**Instructions to follow**
The records below are to be set down again exactly, with the pictures left out.

- - -

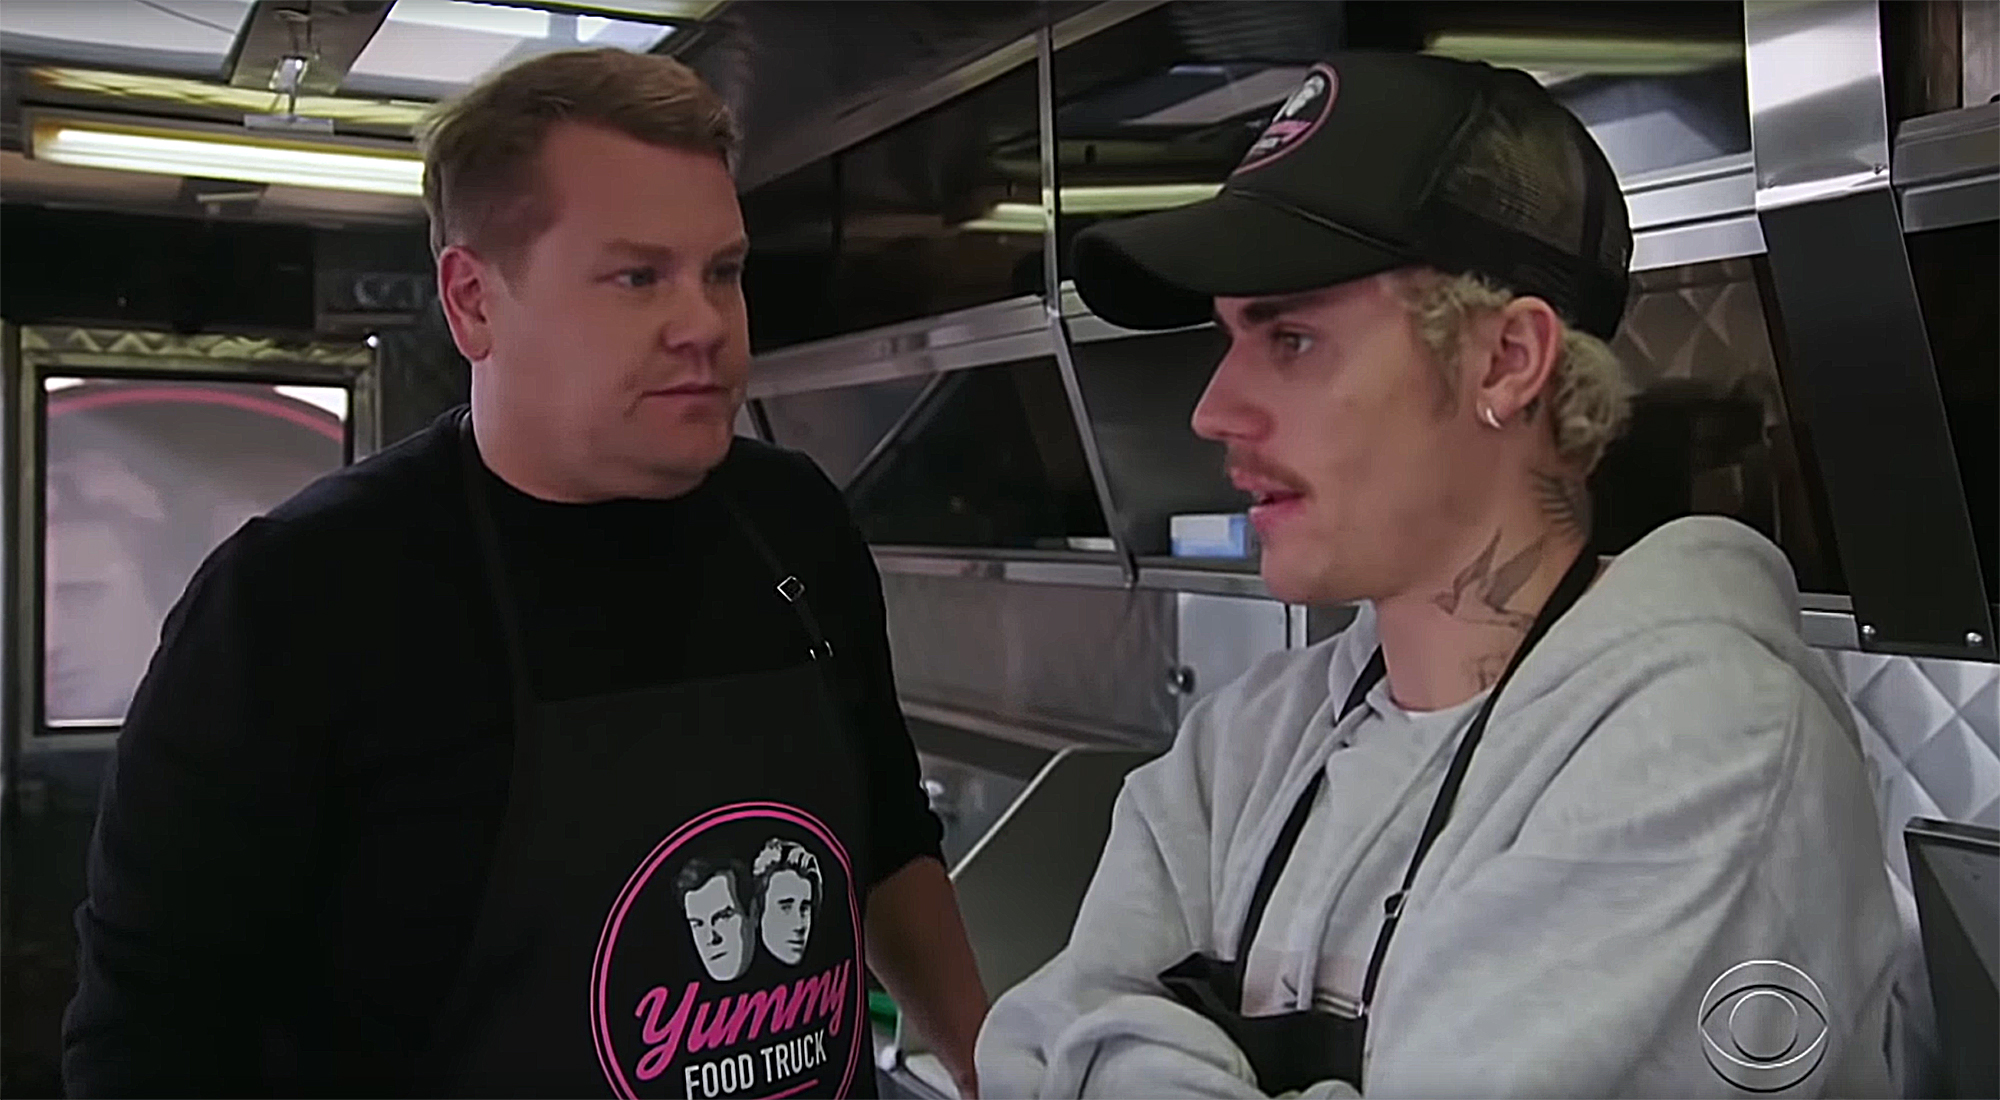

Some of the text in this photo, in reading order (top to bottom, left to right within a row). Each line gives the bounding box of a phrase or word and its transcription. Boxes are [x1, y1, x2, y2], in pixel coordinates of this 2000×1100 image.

[635, 959, 850, 1080] Yummy
[684, 1028, 828, 1100] FOOD TRUCK
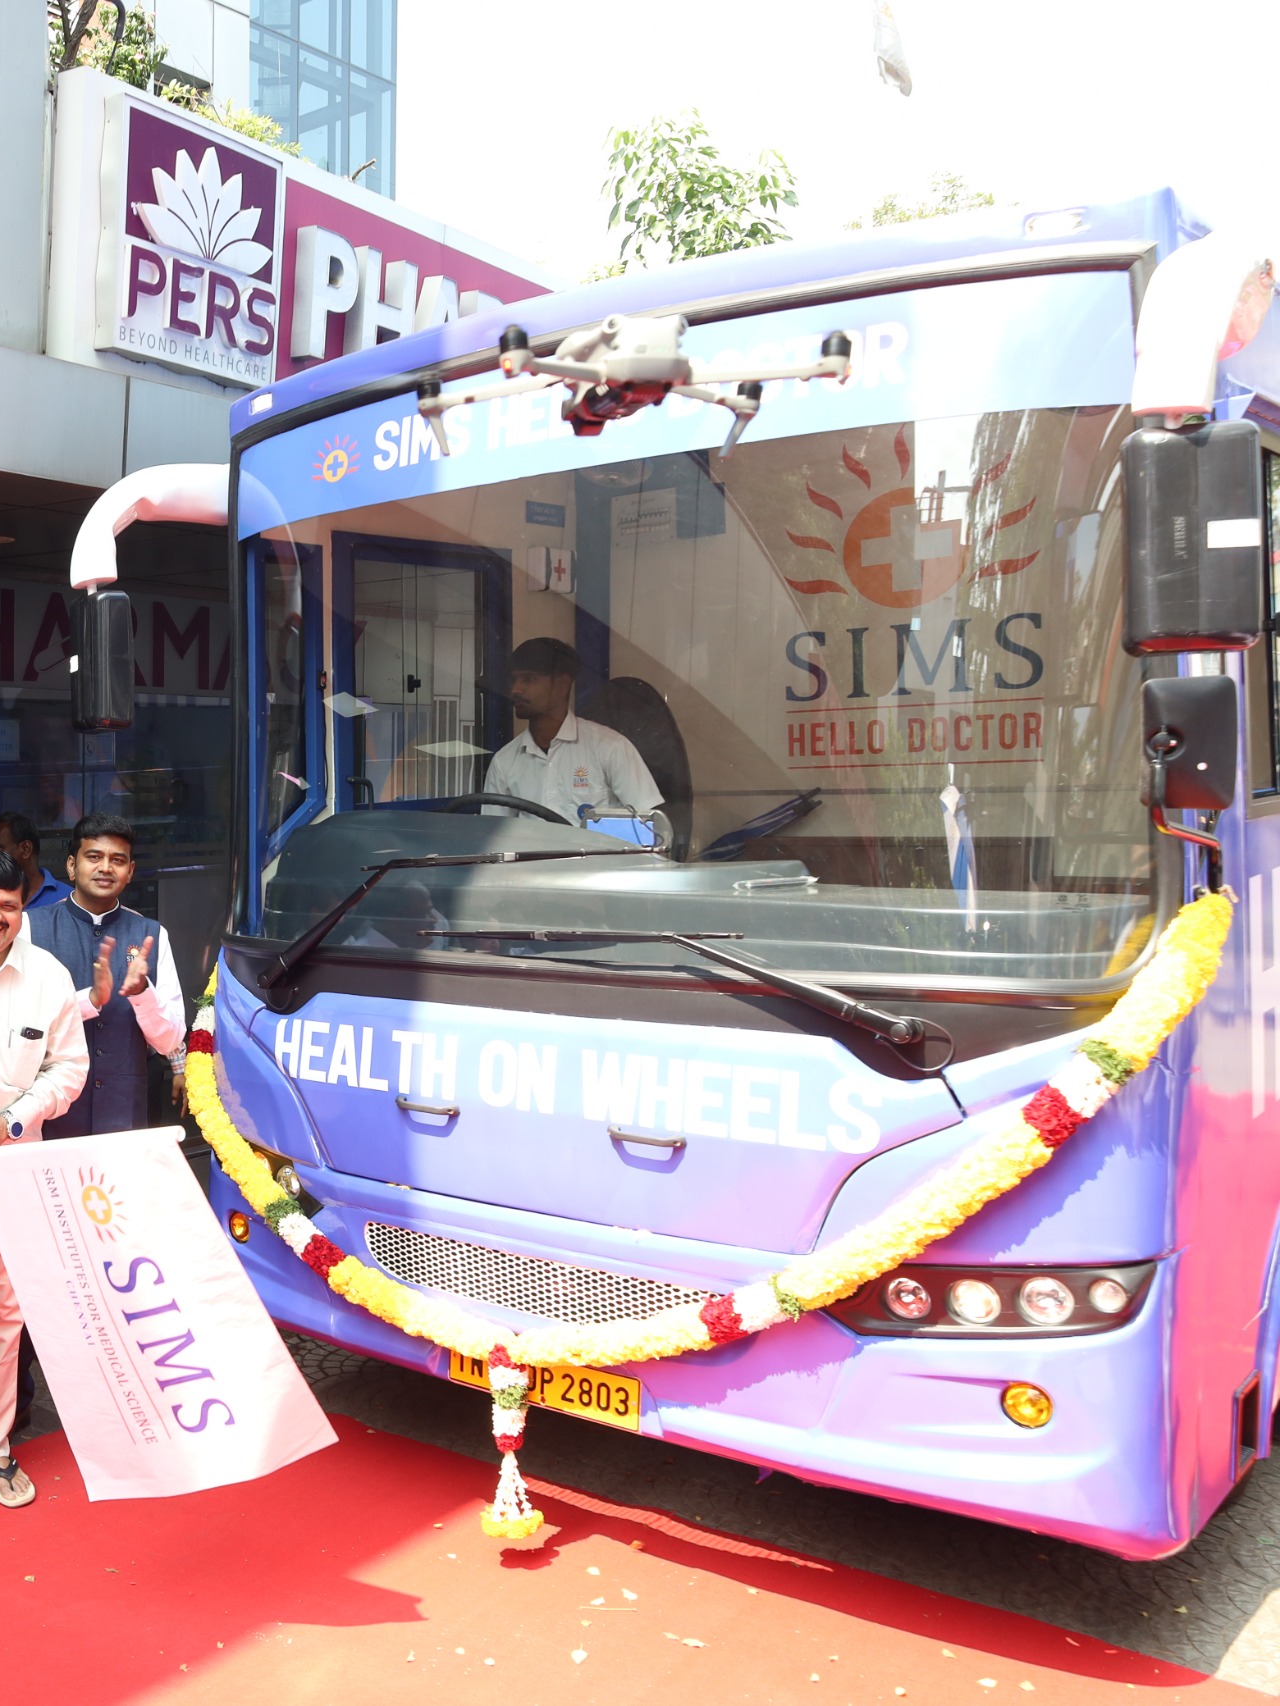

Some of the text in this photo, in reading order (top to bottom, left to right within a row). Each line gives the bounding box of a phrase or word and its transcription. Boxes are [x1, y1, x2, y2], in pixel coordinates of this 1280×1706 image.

[122, 243, 277, 357] PERS
[291, 224, 506, 361] PHA
[119, 325, 267, 381] BEYOND HEALTHCARE
[373, 408, 473, 472] SIMS
[784, 611, 1045, 702] SIMS
[787, 711, 1044, 757] HELLO DOCTOR
[274, 1018, 884, 1155] HEALTH ON WHEELS
[42, 1167, 158, 1445] SRM INSTITUTES FOR MEDICAL SCIENCE
[65, 1279, 95, 1348] CHENNAI
[102, 1256, 236, 1434] SIMS
[560, 1372, 631, 1416] 2803
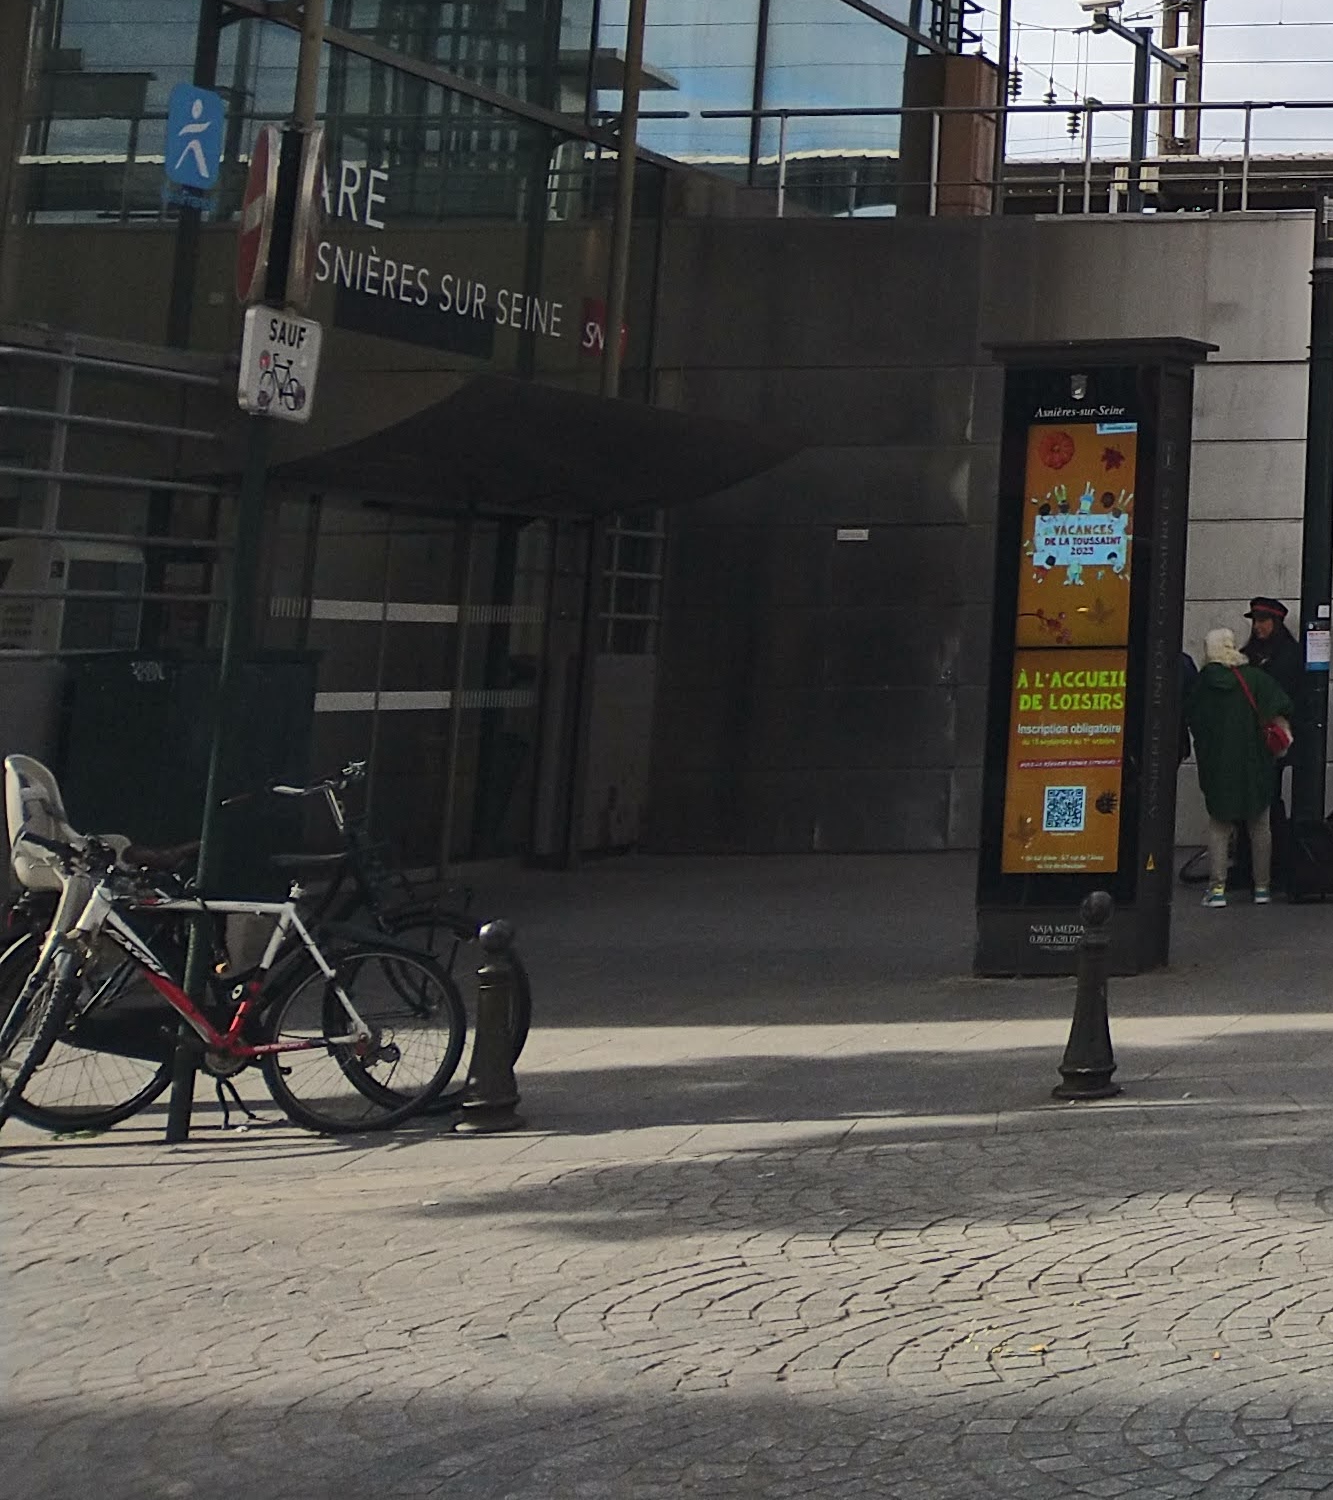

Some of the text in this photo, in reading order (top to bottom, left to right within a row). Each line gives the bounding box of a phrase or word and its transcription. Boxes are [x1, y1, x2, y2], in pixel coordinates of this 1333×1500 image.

[439, 274, 487, 321] SUR
[496, 289, 563, 338] SEINE
[269, 318, 307, 349] SAUF
[1034, 405, 1125, 418] Asnières-sur-Seine
[1053, 524, 1114, 535] VACANCES
[1044, 536, 1122, 546] DE LA TOUSSAINT
[1070, 546, 1094, 556] 2023
[1016, 668, 1127, 688] À L'ACCUEIL
[1019, 693, 1124, 710] DE LOISIRS
[1017, 722, 1121, 737] Inscription obligatoire
[1054, 924, 1086, 934] MEDIA

- - -

**Result below**
Some of the text in this photo, in reading order (top to bottom, left to right within a row). Each line gives the bounding box of a phrase or word and its transcription. Boxes are [x1, y1, x2, y2], in pixel coordinates of this 2000×1100 image.

[635, 959, 850, 1080] Yummy
[684, 1028, 828, 1100] FOOD TRUCK

Some of the text in this photo, in reading order (top to bottom, left to right within a row). Each line gives the bounding box of a phrase or word and its transcription. Boxes are [x1, y1, x2, y2], in pixel coordinates of this 1280×1706 image.

[122, 243, 277, 357] PERS
[291, 224, 506, 361] PHA
[119, 325, 267, 381] BEYOND HEALTHCARE
[373, 408, 473, 472] SIMS
[784, 611, 1045, 702] SIMS
[787, 711, 1044, 757] HELLO DOCTOR
[274, 1018, 884, 1155] HEALTH ON WHEELS
[42, 1167, 158, 1445] SRM INSTITUTES FOR MEDICAL SCIENCE
[65, 1279, 95, 1348] CHENNAI
[102, 1256, 236, 1434] SIMS
[560, 1372, 631, 1416] 2803

Some of the text in this photo, in reading order (top to bottom, left to right within a row). Each line gives the bounding box of a phrase or word and its transcription. Boxes are [x1, y1, x2, y2], in pixel coordinates of this 1333×1500 image.

[439, 274, 487, 321] SUR
[496, 289, 563, 338] SEINE
[269, 318, 307, 349] SAUF
[1034, 405, 1125, 418] Asnières-sur-Seine
[1053, 524, 1114, 535] VACANCES
[1044, 536, 1122, 546] DE LA TOUSSAINT
[1070, 546, 1094, 556] 2023
[1016, 668, 1127, 688] À L'ACCUEIL
[1019, 693, 1124, 710] DE LOISIRS
[1017, 722, 1121, 737] Inscription obligatoire
[1054, 924, 1086, 934] MEDIA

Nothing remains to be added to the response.